• [Exercise]
Repeat every record below exactly, omitting any pictures.

• [The input]
· · · · · · ·

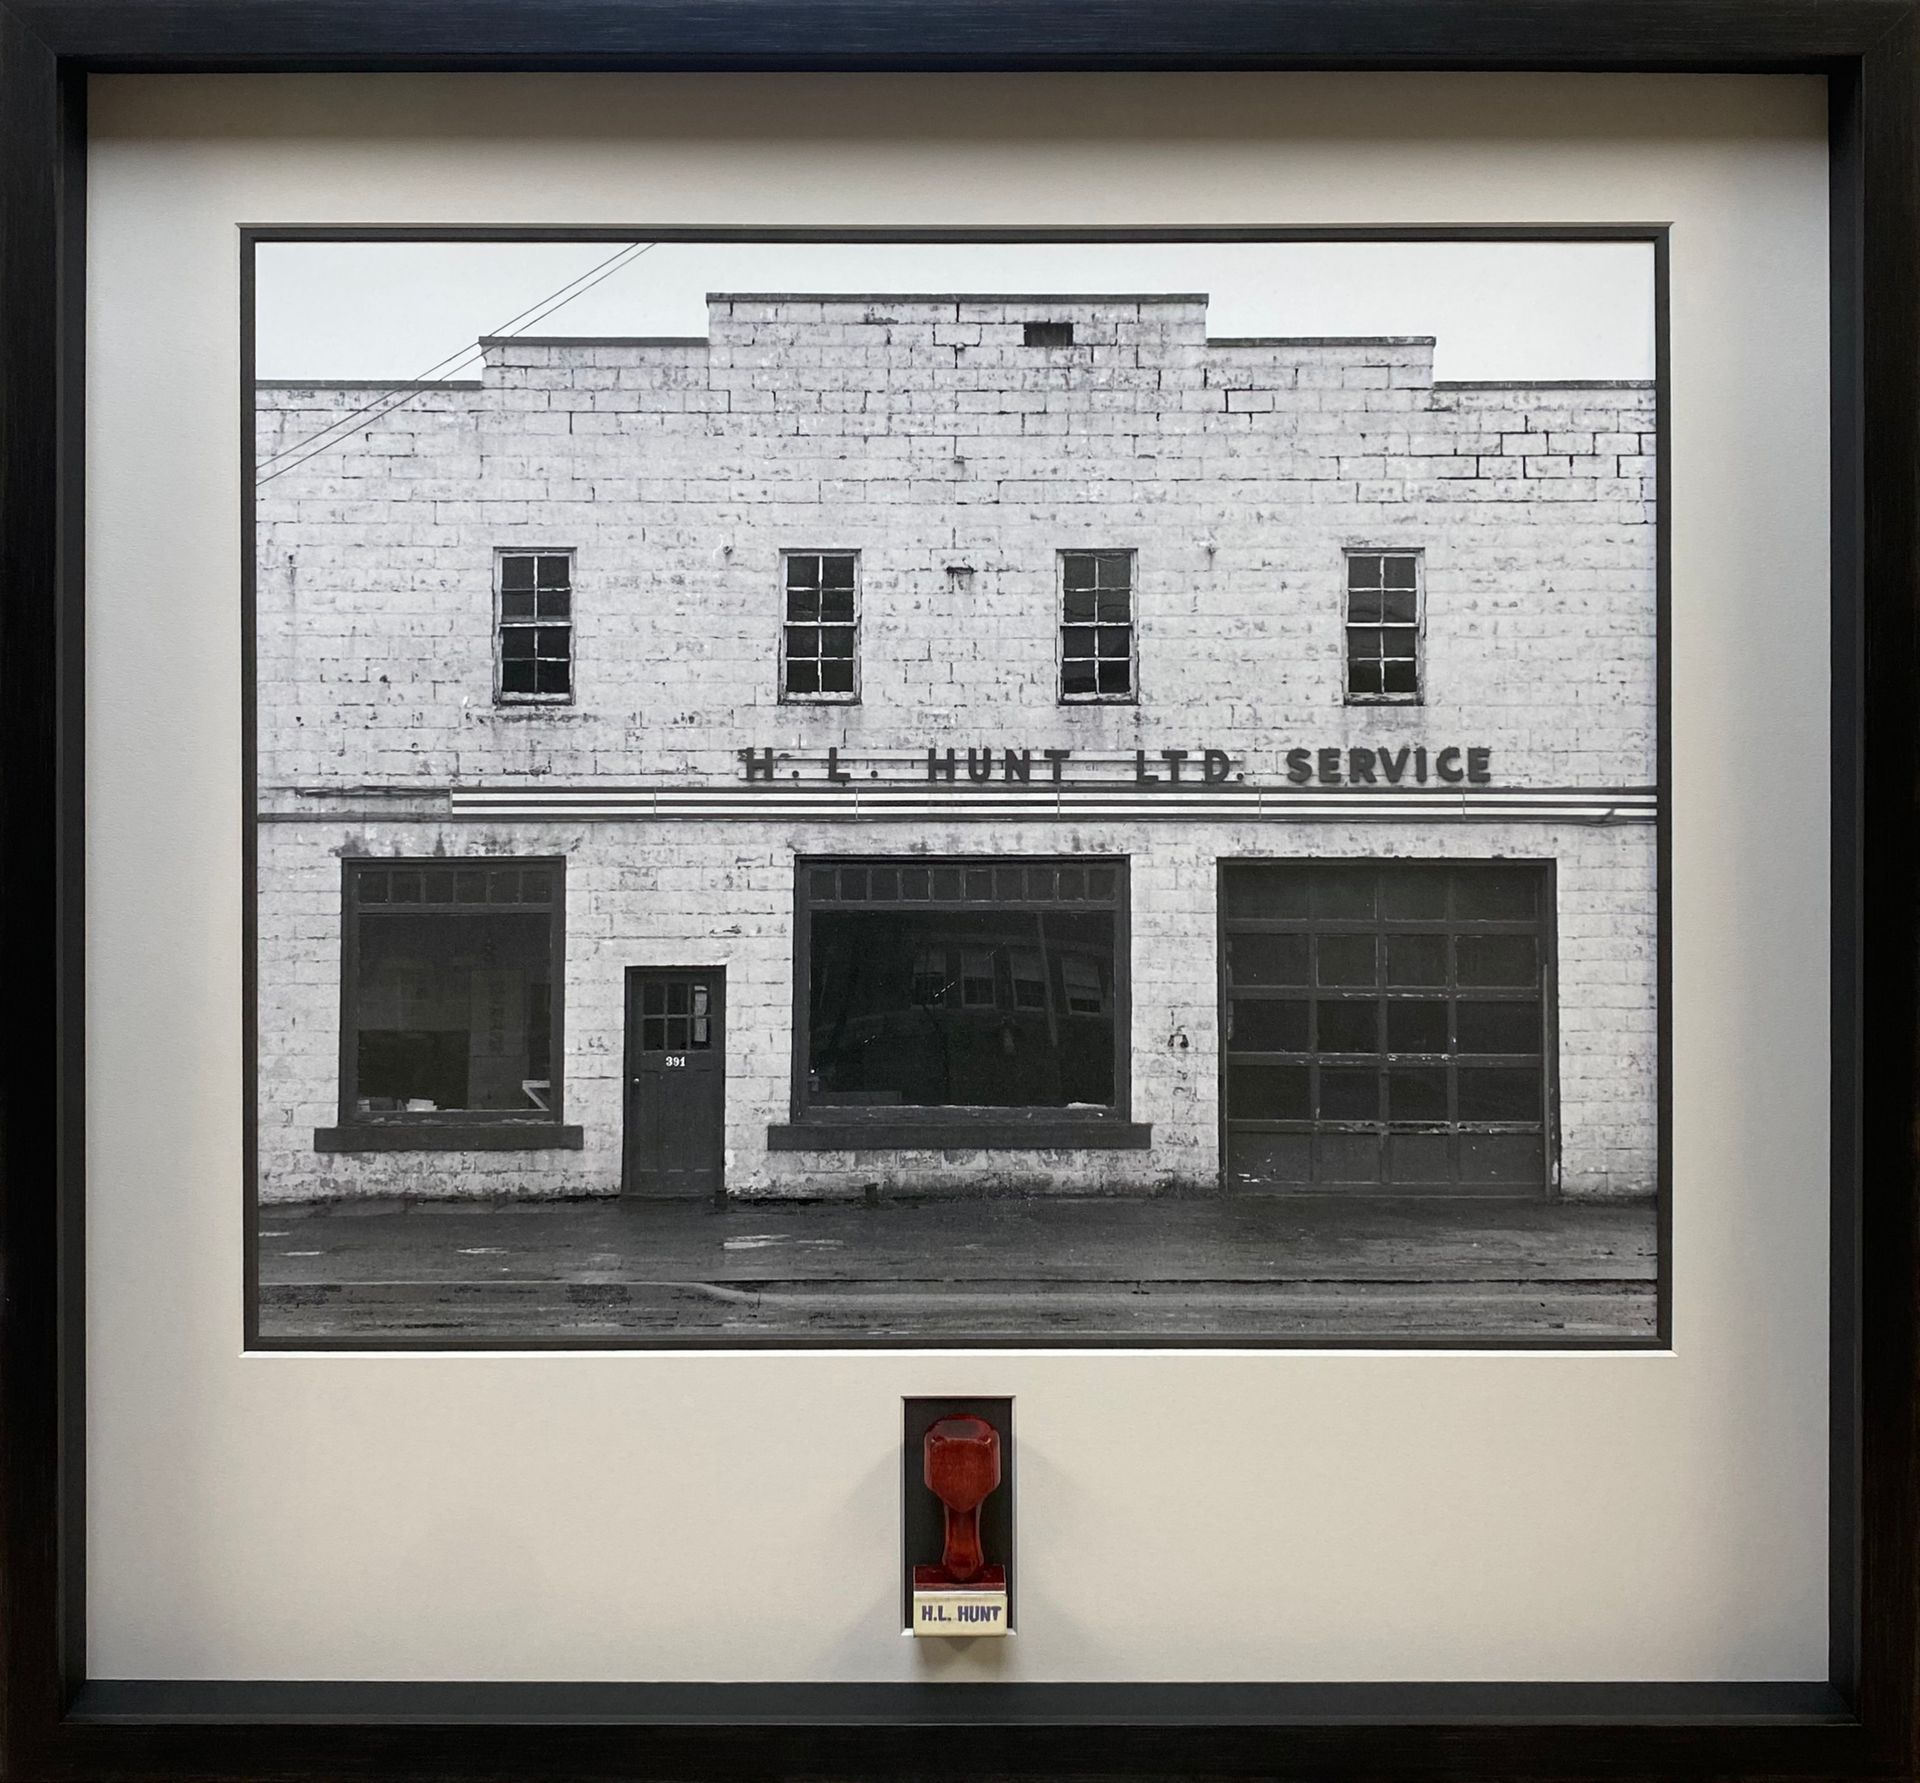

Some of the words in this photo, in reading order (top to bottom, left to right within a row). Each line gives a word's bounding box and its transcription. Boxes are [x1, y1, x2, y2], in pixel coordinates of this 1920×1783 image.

[746, 747, 800, 782] H.
[828, 747, 878, 781] L.
[928, 748, 1070, 783] HUNT
[1136, 749, 1245, 784] LTD.
[1286, 747, 1492, 783] SERVICE
[665, 1056, 686, 1067] 391
[921, 1605, 952, 1621] H.L.
[957, 1605, 1002, 1622] HUNT

· · · · · · ·

• [Response to this task]
Some of the words in this photo, in reading order (top to bottom, left to right within a row). Each line gives a word's bounding box and its transcription. Boxes are [x1, y1, x2, y2], in pixel coordinates of this 1920×1783 image.

[746, 747, 800, 782] H.
[828, 747, 878, 781] L.
[928, 748, 1070, 783] HUNT
[1136, 749, 1245, 784] LTD.
[1286, 747, 1492, 783] SERVICE
[665, 1056, 686, 1067] 391
[921, 1605, 952, 1621] H.L.
[957, 1605, 1002, 1622] HUNT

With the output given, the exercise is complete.